Thomas L. Friedman
OP-ED COLUMNIST, The New york times
By THOMAS L. FRIEDMAN
Published: September 8, 2012
I JUST arrived in Shanghai, but I’m thinking about Estonia and wondering about something Presidents Clinton and Obama have been saying.
Wired magazine reported last week that public schools in Estonia are establishing a program for teaching first graders — and kids in all other grades — how to do computer programming. Wired said that the curriculum was created “because of the difficulty Estonian companies face in hiring programmers. Estonia has a burgeoning tech industry thanks in part to the success of Skype, which was developed in Estonia in 2003.”
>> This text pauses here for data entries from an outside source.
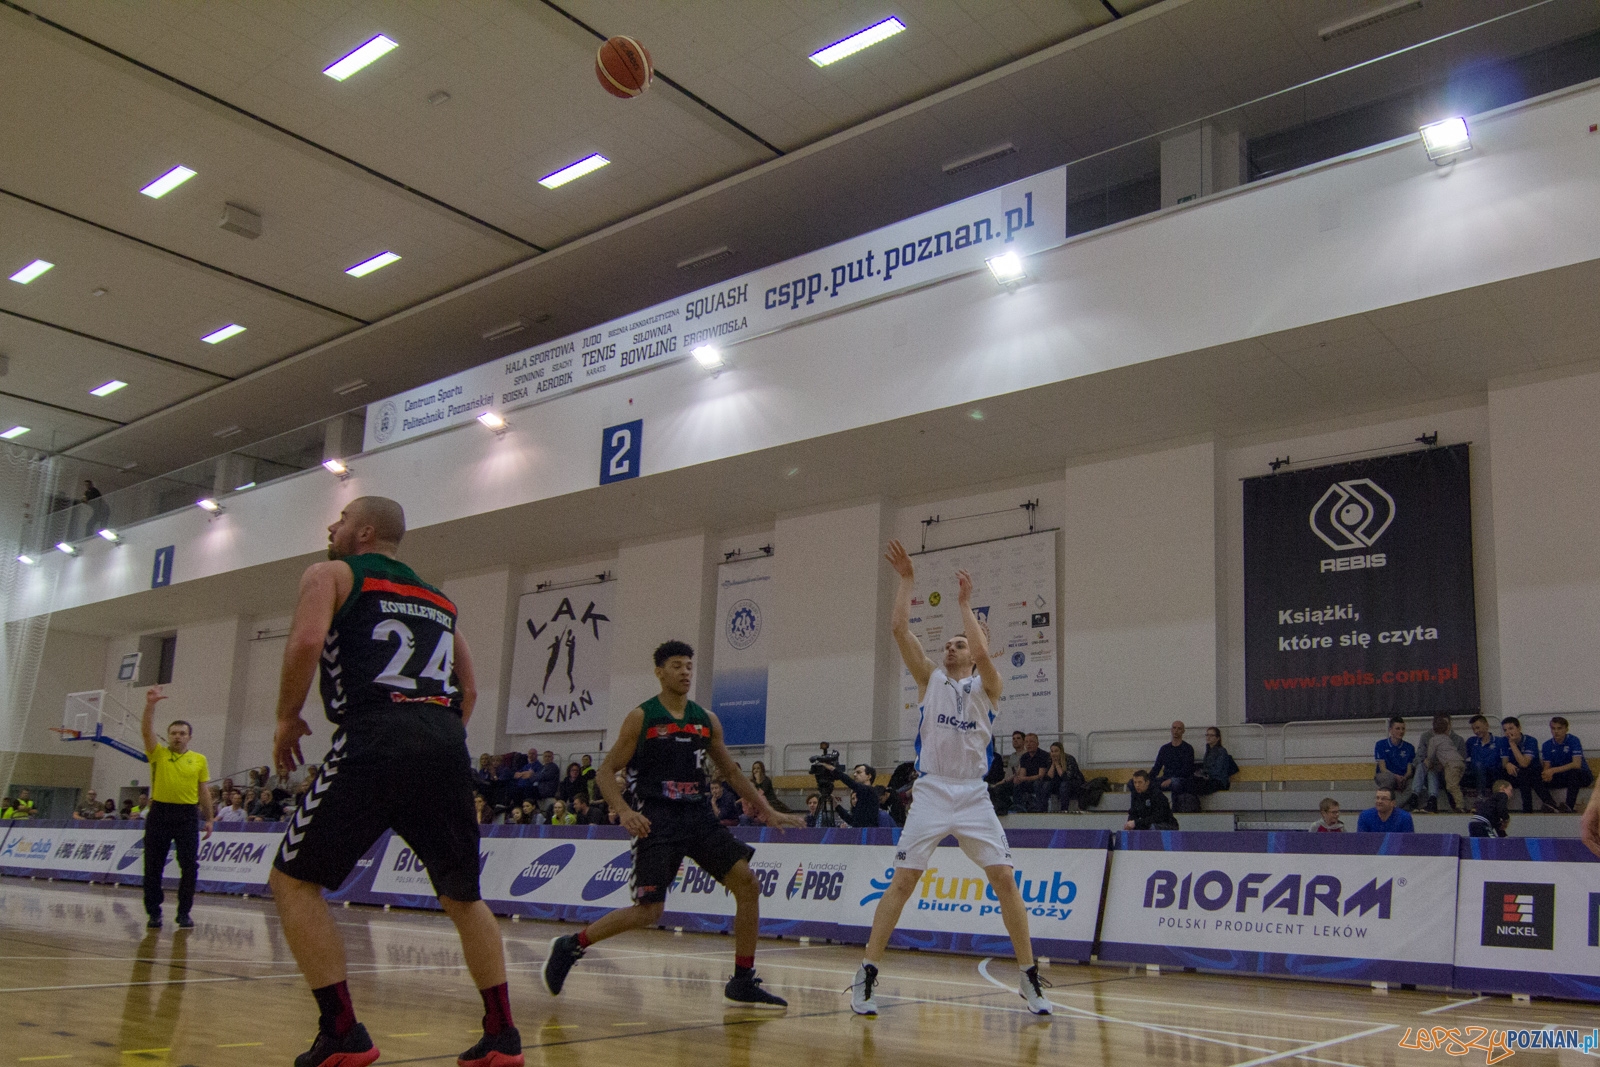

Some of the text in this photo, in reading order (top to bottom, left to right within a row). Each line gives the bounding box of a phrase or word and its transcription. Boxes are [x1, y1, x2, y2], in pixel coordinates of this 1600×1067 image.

[765, 192, 1034, 309] cspp.put.poznan.pl
[685, 283, 748, 321] SQUASH
[582, 333, 602, 348] JUDO
[633, 323, 672, 344] SIŁOWNIA
[683, 316, 748, 347] ERGOWIOSŁA
[505, 342, 575, 375] HALA SPORTOWA
[582, 343, 616, 367] TENIS
[620, 336, 677, 367] BOWLING
[586, 364, 607, 376] KARATE
[404, 385, 463, 412] Centrum Sportu
[502, 371, 573, 404] BOISKA AEROBIK
[402, 409, 444, 431] Politechniki
[447, 393, 495, 418] Poznańskiej
[609, 429, 632, 476] 2
[156, 551, 167, 583] 1
[1320, 553, 1387, 573] REBIS
[379, 599, 453, 630] KOWALEWSKI
[1278, 604, 1360, 625] Książki,
[1278, 625, 1438, 651] które się czyta
[371, 618, 459, 695] 24
[1263, 664, 1459, 691] www.rebis.com.pl
[526, 689, 594, 723] POZNAŃ
[200, 841, 267, 864] BIOFARM
[522, 861, 560, 878] atrem
[808, 862, 847, 872] fundacja
[801, 870, 844, 901] PBG
[1143, 870, 1393, 920] BIOFARM
[918, 899, 972, 912] biuro
[1158, 917, 1368, 938] POLSKI PRODUCENT LEKÓW
[1496, 925, 1538, 937] NICKEL
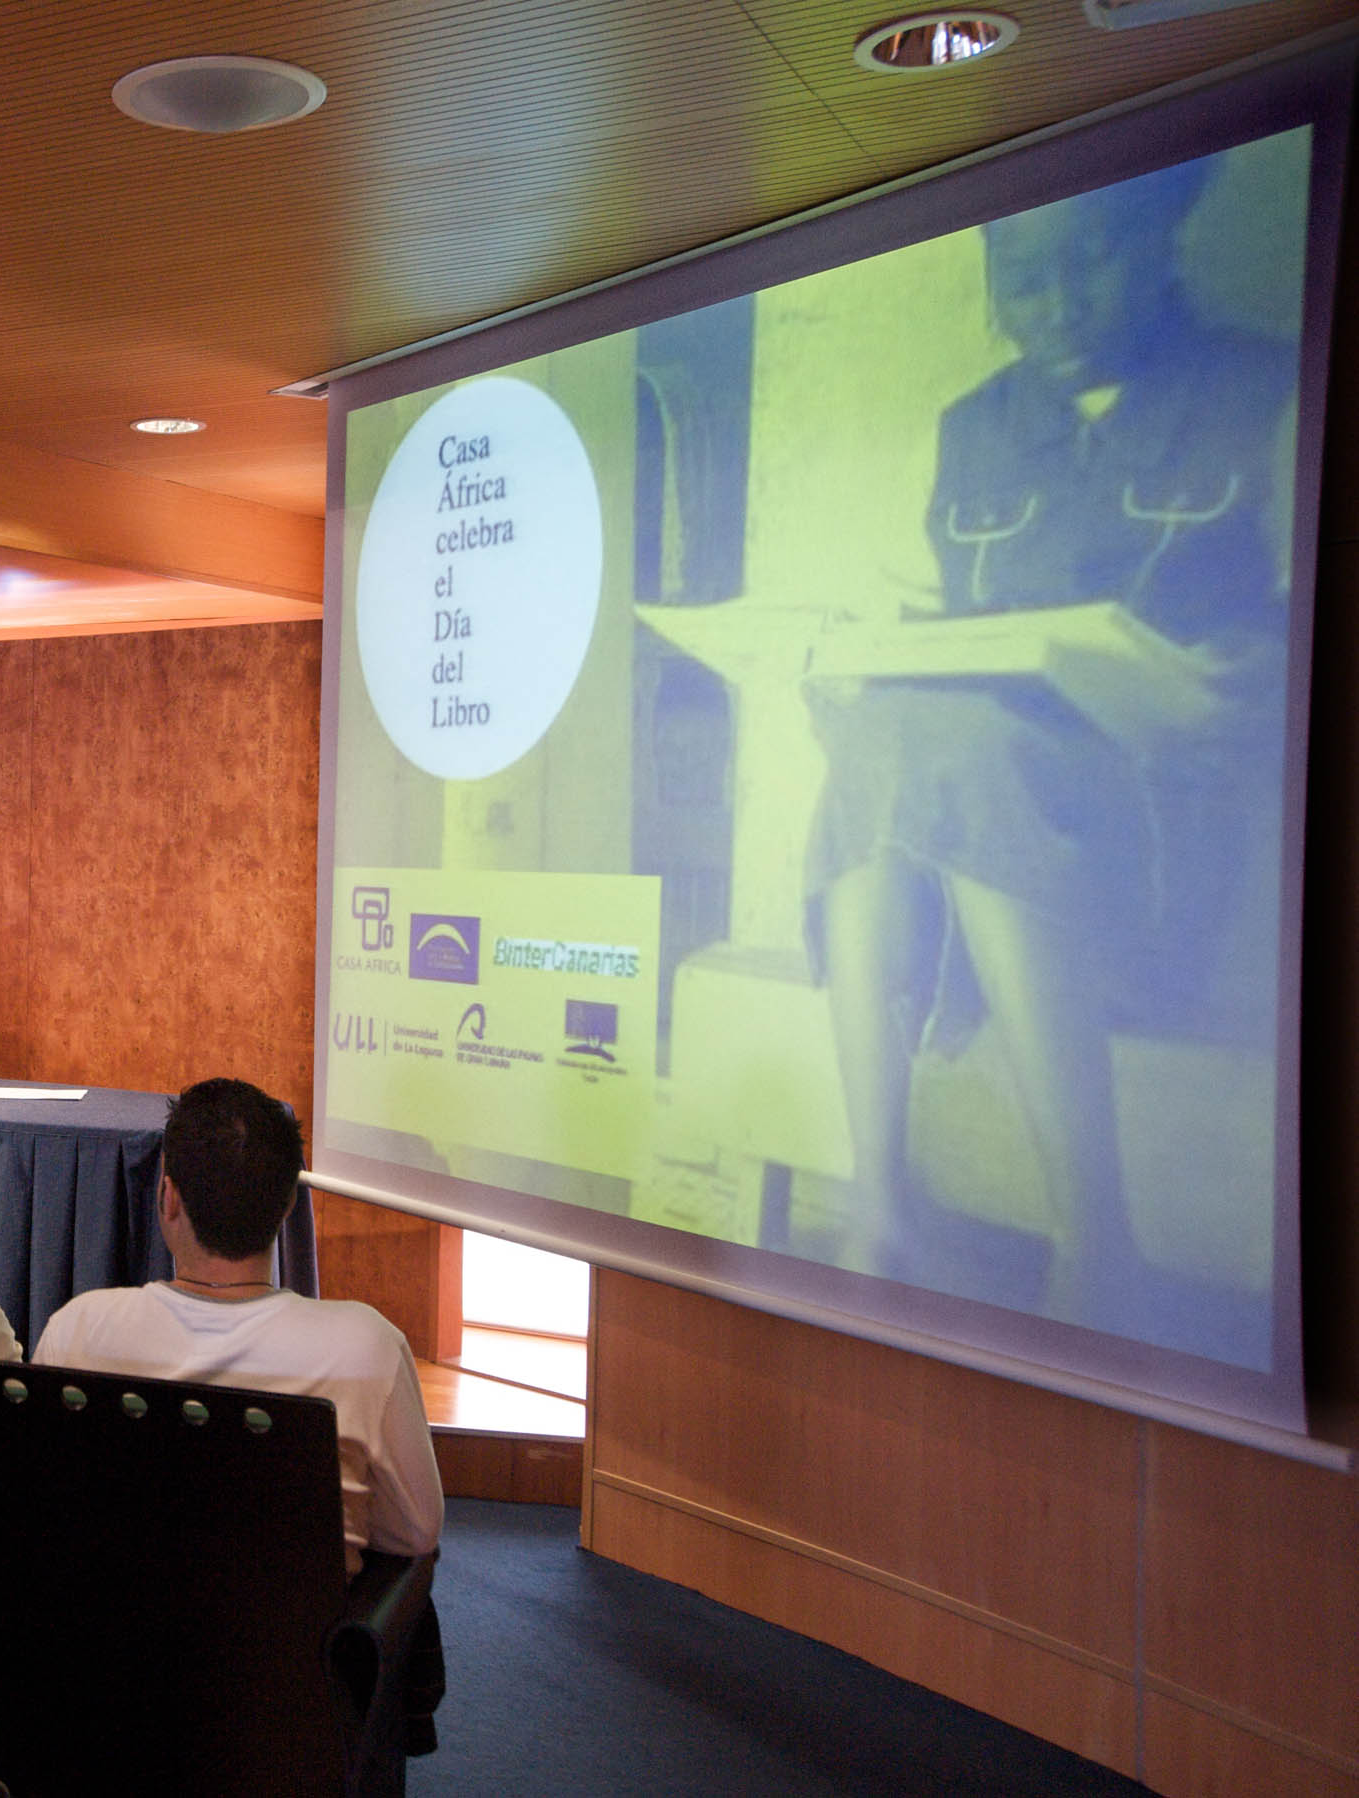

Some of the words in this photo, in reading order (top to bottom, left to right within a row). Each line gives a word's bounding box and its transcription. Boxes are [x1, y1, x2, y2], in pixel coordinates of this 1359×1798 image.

[438, 433, 490, 468] Casa
[437, 470, 506, 513] África
[435, 517, 515, 554] celebra
[434, 565, 453, 598] el
[433, 608, 472, 642] Día
[432, 651, 464, 685] del
[431, 697, 490, 729] Libro
[337, 955, 362, 971] CASA
[364, 957, 402, 976] AFRICA
[493, 936, 640, 979] BinterCanarias
The news from Estonia prompted The Guardian newspaper of London to publish an online poll asking its readers: “Children aged 7 to 16 are being given the opportunity to learn how to code in schools in Estonia, should U.K. school children be taught programming as part of their school day?” It’s fascinating to read about all this while visiting Shanghai, whose public school system in 2010 beat the rest of the world in math, science and reading in the global PISA exam of 15-year-olds. Will the Chinese respond by teaching programming to preschoolers?
All of this made me think Obama should stop using the phrase — first minted by Bill Clinton in 1992 — that if you just “work hard and play by the rules” you should expect that the American system will deliver you a decent life and a chance for your children to have a better one. That mantra really resonates with me and, I am sure, with many voters. There is just one problem: It’s out of date.
The truth is, if you want a decent job that will lead to a decent life today you have to work harder, regularly reinvent yourself, obtain at least some form of postsecondary education, make sure that you’re engaged in lifelong learning and play by the rules. That’s not a bumper sticker, but we terribly mislead people by saying otherwise.
Why? Because when Clinton first employed his phrase in 1992, the Internet was just emerging, virtually no one had e-mail and the cold war was just ending. In other words, we were still living in a closed system, a world of walls, which were just starting to come down. It was a world before Nafta and the full merger of globalization and the information technology revolution, a world in which unions and blue-collar manufacturing were still relatively strong, and where America could still write a lot of the rules that people played by.
That world is gone. It is now a more open system. Technology and globalization are wiping out lower-skilled jobs faster, while steadily raising the skill level required for new jobs. More than ever now, lifelong learning is the key to getting into, and staying in, the middle class.
There is a quote attributed to the futurist Alvin Toffler that captures this new reality: In the future “illiteracy will not be defined by those who cannot read and write, but by those who cannot learn and relearn.” Any form of standing still is deadly.
I covered the Republican convention, and I was impressed in watching my Times colleagues at how much their jobs have changed. Here’s what a reporter does in a typical day: report, file for the Web edition, file for The International Herald Tribune, tweet, update for the Web edition, report more, track other people’s tweets, do a Web-video spot and then write the story for the print paper. You want to be a Times reporter today? That’s your day. You have to work harder and smarter and develop new skills faster.
Van Ton-Quinlivan, the vice chancellor for work force and economic development at the California Community Colleges System, explained to me the four basic skill sets out there today. The first are people who are “ready now.” That’s people with exactly the right skills an employer is looking for at the right time. Employers will give the local labor market and schools the first chance at providing those people, but if they are not available they’ll go the “shortest distance to find them,” she said, and today that could be anywhere in the world. Companies who can’t find “ready now” will look for “ready soon,” people who, with limited training and on-the-job experience, can fit right in. If they can’t find those, some will hire “work ready.” These are people with two or four years of postsecondary education who can be trained, but companies have shrinking budgets for that now and want public schools to do it. Last are the growing legions of the “far from ready,” people who dropped out or have only a high school diploma. Their prospects for a decent job are small, even if they are ready to “work hard and play by the rules.”
Which is why if we ever get another stimulus it has to focus, in part, on getting more people more education. The unemployment rate today is 4.1 percent for people with four years of college, 6.6 percent for those with two years, 8.8 percent for high school graduates, and 12.0 percent for dropouts.
That’s why I prefer the new mantra floated by Clinton at the Democratic convention, (which Obama has tried to fund): “We have to prepare more Americans for the new jobs that are being created in a world fueled by new technology. That’s why investments in our people” — in more community colleges, Pell grants and vocational-training classes — “are more important than ever.”